6 Ceti

Observation data Epoch J2000.0 Equinox ICRS
- Constellation: Cetus
- Right ascension: 00^{h} 11^{m} 15.85804^{s}
- Declination: −15° 28′ 04.7205″
- Apparent magnitude (V): 4.89

Characteristics
- Evolutionary stage: main sequence
- Spectral type: F8 V Fe−0.8 CH−0.5
- B−V color index: 0.487±0.012

Astrometry
- Radial velocity (R_{v}): +16.70±0.08 km/s
- Proper motion (μ): RA: −82.828 mas/yr Dec.: −269.549 mas/yr
- Parallax (π): 52.9489±0.0958 mas
- Distance: 61.6 ± 0.1 ly (18.89 ± 0.03 pc)
- Absolute magnitude (M_{V}): 3.53

Details
- Mass: 1.19 M_{☉}
- Radius: 1.50 R_{☉}
- Luminosity: 3.00 L_{☉}
- Surface gravity (log g): 4.16 cgs
- Temperature: 6,192 K
- Metallicity [Fe/H]: −0.33±0.06 dex
- Rotational velocity (v sin i): 4.88 km/s
- Age: 4.2+0.8 −0.9 Gyr
- Other designations: 6 Cet, BD−16°17, GJ 10, HD 693, HIP 910, HR 33, SAO 147133

Database references
- SIMBAD: data

= 6 Ceti =

Star in the constellation Cetus

6 Ceti is a single star in the equatorial constellation of Cetus. It is visible to the naked eye with an apparent magnitude of 4.89. The annual parallax shift as measured from Earth's orbit is 53.34 mas, which yields a distance estimate of 61.1 light years. The star is moving further from the Sun with a constant radial velocity of +16.70 km/s. It is one of the IAU's standard velocity stars.

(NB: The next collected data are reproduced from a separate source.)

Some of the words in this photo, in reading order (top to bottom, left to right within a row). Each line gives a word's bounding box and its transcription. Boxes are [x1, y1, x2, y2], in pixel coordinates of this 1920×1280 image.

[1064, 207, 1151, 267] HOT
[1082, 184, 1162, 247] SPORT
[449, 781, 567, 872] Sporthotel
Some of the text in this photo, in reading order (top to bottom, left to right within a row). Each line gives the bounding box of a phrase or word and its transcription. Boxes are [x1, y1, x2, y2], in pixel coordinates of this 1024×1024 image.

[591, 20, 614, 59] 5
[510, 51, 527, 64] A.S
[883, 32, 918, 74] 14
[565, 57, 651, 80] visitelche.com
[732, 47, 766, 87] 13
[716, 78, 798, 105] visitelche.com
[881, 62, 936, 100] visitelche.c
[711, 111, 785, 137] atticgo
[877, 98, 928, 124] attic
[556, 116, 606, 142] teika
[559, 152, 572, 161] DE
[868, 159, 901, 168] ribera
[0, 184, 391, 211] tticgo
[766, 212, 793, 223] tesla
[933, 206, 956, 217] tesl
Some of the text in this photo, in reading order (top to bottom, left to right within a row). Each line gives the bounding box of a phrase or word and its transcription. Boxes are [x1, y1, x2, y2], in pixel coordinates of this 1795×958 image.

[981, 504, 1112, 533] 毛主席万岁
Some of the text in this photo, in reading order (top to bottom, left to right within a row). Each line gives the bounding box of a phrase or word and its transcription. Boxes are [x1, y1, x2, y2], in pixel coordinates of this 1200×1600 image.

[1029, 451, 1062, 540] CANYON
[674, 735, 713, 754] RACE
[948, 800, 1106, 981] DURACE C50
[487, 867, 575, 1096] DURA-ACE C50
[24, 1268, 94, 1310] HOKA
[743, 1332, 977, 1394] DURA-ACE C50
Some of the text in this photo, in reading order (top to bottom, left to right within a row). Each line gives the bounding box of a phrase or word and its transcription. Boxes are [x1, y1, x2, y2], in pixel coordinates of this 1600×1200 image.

Gray et al. (2006) assigned this star a stellar classification of F8 V Fe−0.8 CH−0.5, indicating it is an F-type main-sequence star with an underabundance of iron and the CH molecule in its stellar atmosphere. It is about 4.2 billion years old with 1.2 times the mass of the Sun and is spinning with a projected rotational velocity of 4.88 km/s. The star is radiating three times the Sun's luminosity from its photosphere at an effective temperature of about ±6192 K.